影響力と正しさは別物

執筆者:昆 知宏
   

SNSやYouTubeで見ていると、普通に間違っている内容を発信している人を見かけます。

例えば私の趣味である車の世界に例えると、
ホンダの軽自動車のバンでN-VANという車があるのですが、一部の車好き界隈では4WDかつ、マニュアルかつ、ターボという設定があれば即買いしたいという層がいます。私もその設定に心惹かれます。

先日この条件を全部満たすN-VANがラインナップにあります!という動画を見て、「え?ほんと?ついに出た?めっちゃ興味ある!」という感じなので、視聴者数がかなり増えていました。しかし、実際にはその設定の車は販売されておらず、単なる間違いでした。知っている人からすれば、ウソの情報でアクセスを増やすなんてなんとも不愉快な話です。

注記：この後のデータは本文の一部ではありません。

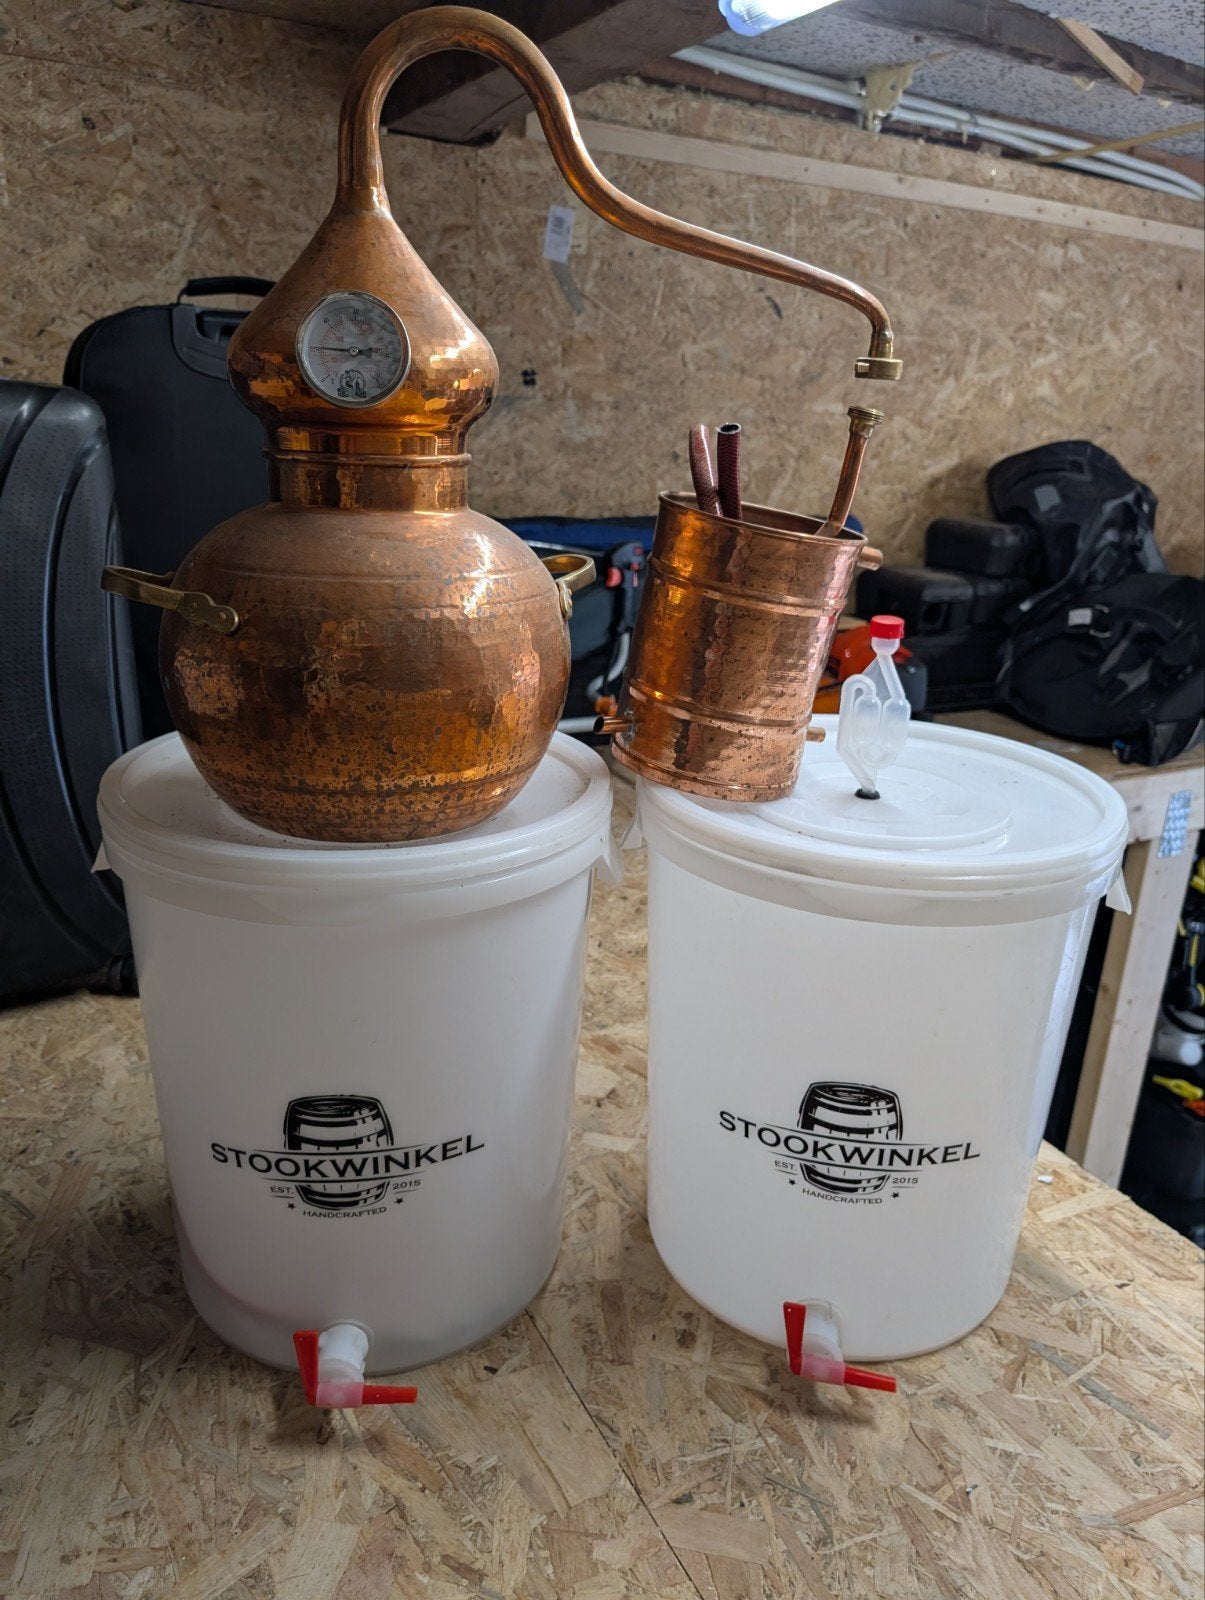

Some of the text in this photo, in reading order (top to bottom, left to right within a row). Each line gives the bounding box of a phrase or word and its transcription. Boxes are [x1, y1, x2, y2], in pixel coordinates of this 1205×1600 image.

[719, 1110, 981, 1167] STOOKWINKEL
[210, 1134, 485, 1178] STOOKWINKEL
[774, 1160, 797, 1171] EST.
[270, 1179, 422, 1195] EST. 2015
[802, 1187, 883, 1205] HANDCRAFTED
[302, 1206, 387, 1218] HANDCRAFTED

専門的な知識がある人から見れば、「それ違うよね」と思うような内容が、それなりの再生回数やフォロワー数を集めていることは珍しくありません。

きっと皆さんも、自分の専門分野で同じような経験があるのではないでしょうか。

そんな時、あなたはどうしますか?

コメントで指摘しますか。
SNSで反論しますか。

(私は何もしません。)

正しさと影響力は別物

正しい情報が広がるとは限りません。

むしろ、

分かりやすい情報
刺激的な情報
不安を煽る情報

のほうが広がりやすいこともあります。

一方で、本当に大事な話というのは往々にして地味です。

住宅ローンもそうです。

先日、フラット35の金利が急騰して既にフラット35で申し込んで家づくりの途中の人は、ご愁傷様ですみたいな投稿がバズってました。

まず既に不安でいっぱいになっている該当者に対して非常に配慮に欠けていると思います。
この時点でそんなんでバズって収益化してまでお金が欲しいのかと思ってしまいます。
おそらくそれほど専門知識のない方が、AIで作ったものなのでしょう。

そして、実際のところその投稿の中でフラット35で既に申し込んでいる人は他の住宅ローンに今からかえられない(だからご愁傷様ですと)という内容もあったのですが、これは事実と異なります。

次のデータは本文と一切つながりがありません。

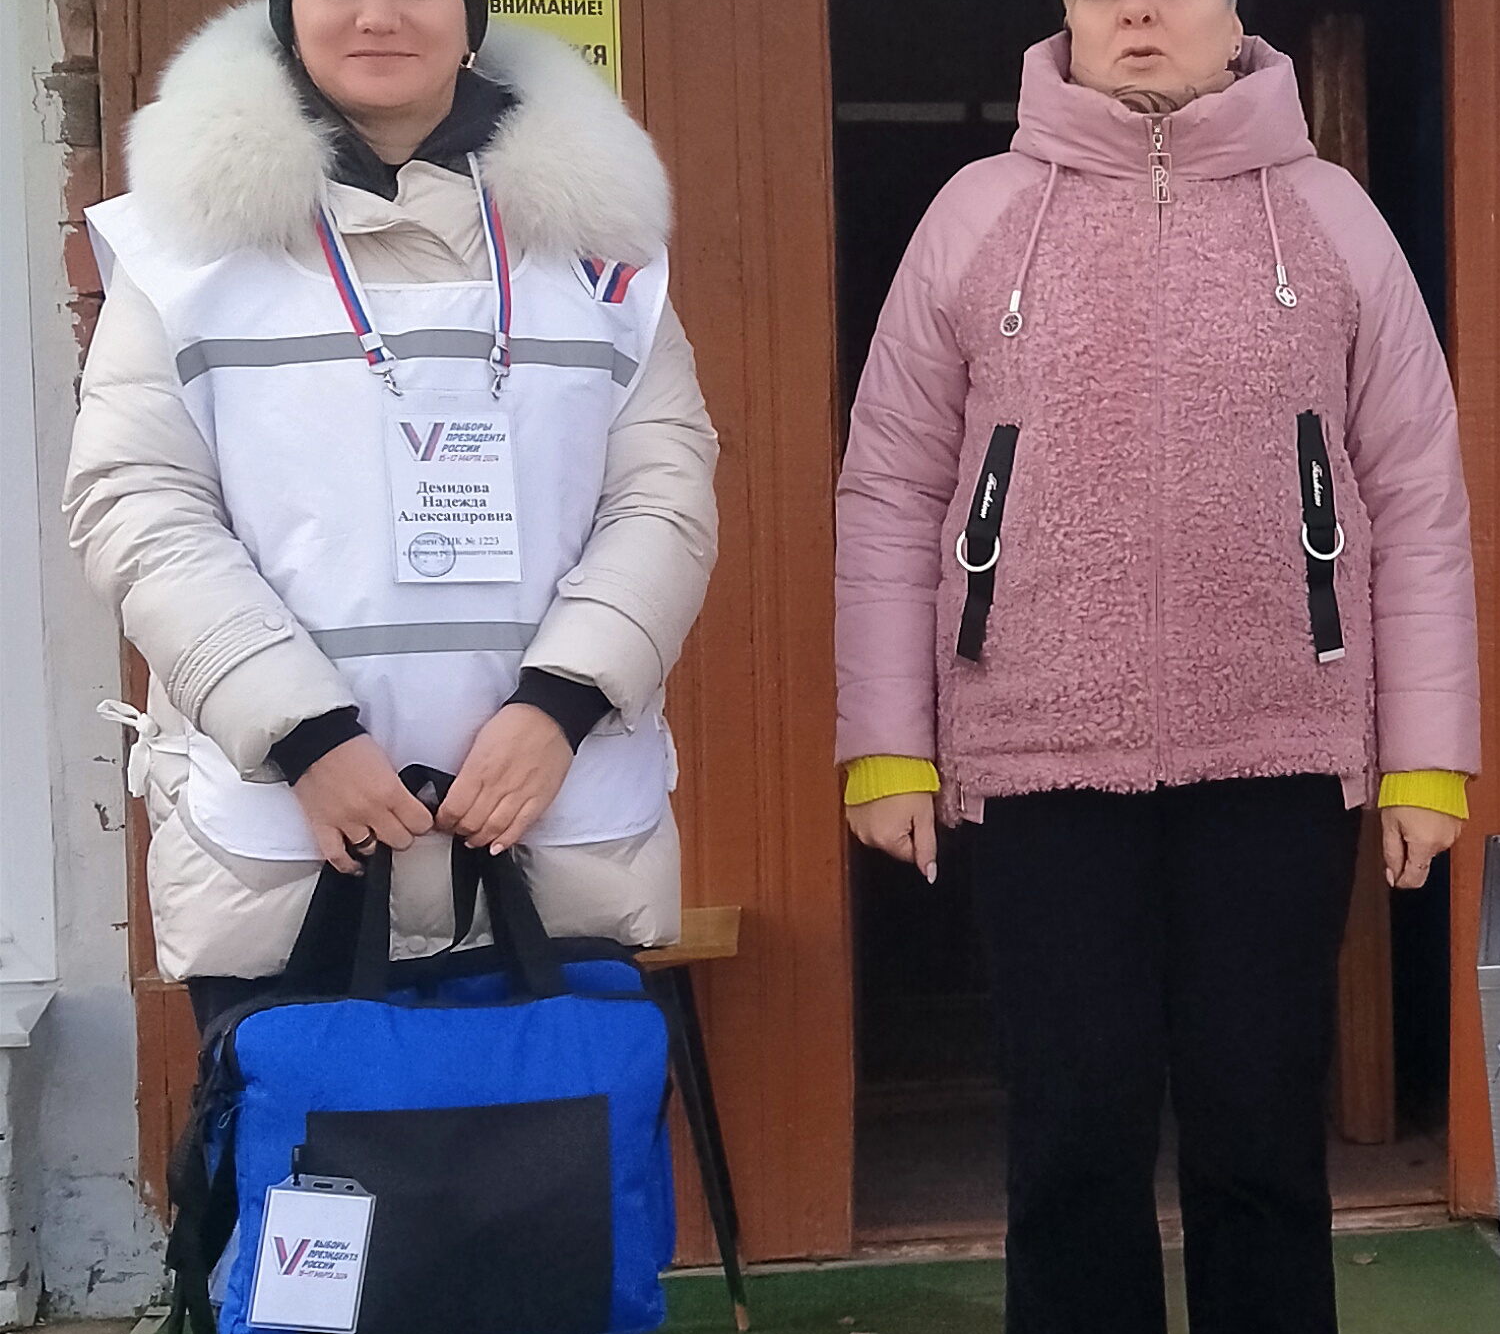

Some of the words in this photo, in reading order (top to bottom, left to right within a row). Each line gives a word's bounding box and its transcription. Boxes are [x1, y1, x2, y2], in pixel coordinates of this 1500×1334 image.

[449, 422, 493, 431] ВЫБОРЫ
[446, 433, 506, 442] ПРЕЗИДЕНТА
[441, 444, 481, 453] РОССИИ
[416, 481, 490, 495] Демидова
[422, 496, 487, 509] Надежда
[398, 510, 513, 525] Александровна
[479, 536, 500, 546] 1223

私の顧客には固定金利で進行中の人へも、変動への切り替えの道があることや、シミュレーションを作って精査することをしています。

このように実際には個別事情で答えが変わるものばかりなのですが、SNSでは断定したほうが伸びます。

だから極論が増えるのです。

インフルエンサー時代のFPの役割

最近は家づくりを考える人の多くが、何らかのインフルエンサーの影響を受けています。
そういう意味では、彼らの発信力は本当にすごいと思います。

一方で、そのレベルにはかなりの差があります。
非常に勉強されている方もいれば、専門家から見ると首をかしげる内容を発信している方もいます。

だからこそ、私たちFPの役割は大きいのだと思います。
SNSで誰かを論破することではありません。
そんなことしても確実に心がやられますよね。

相談に来てくれた人に対して、

「その情報にはこういう見方もありますよ」
「あなたの場合はこちらのほうが合っているかもしれませんね」

と、一人ひとりに合わせて整理してあげることです。

情報があふれる時代だからこそ、本当に必要なのは情報を増やす人ではなく、情報を整理できる人なのかもしれません。

昆知宏
新潟の住宅会社に営業として勤めた後、『特定の会社に属さずに、客観的な立場から住宅購入をサポートできるFPになりたい』という想いの元独立。住宅購入を専門とするFPとして、新潟でこれから家を買う方への相談を行っている。コンサルティングフィーは土地建物価格の1%と高額ながら、多くの顧客に支持されている。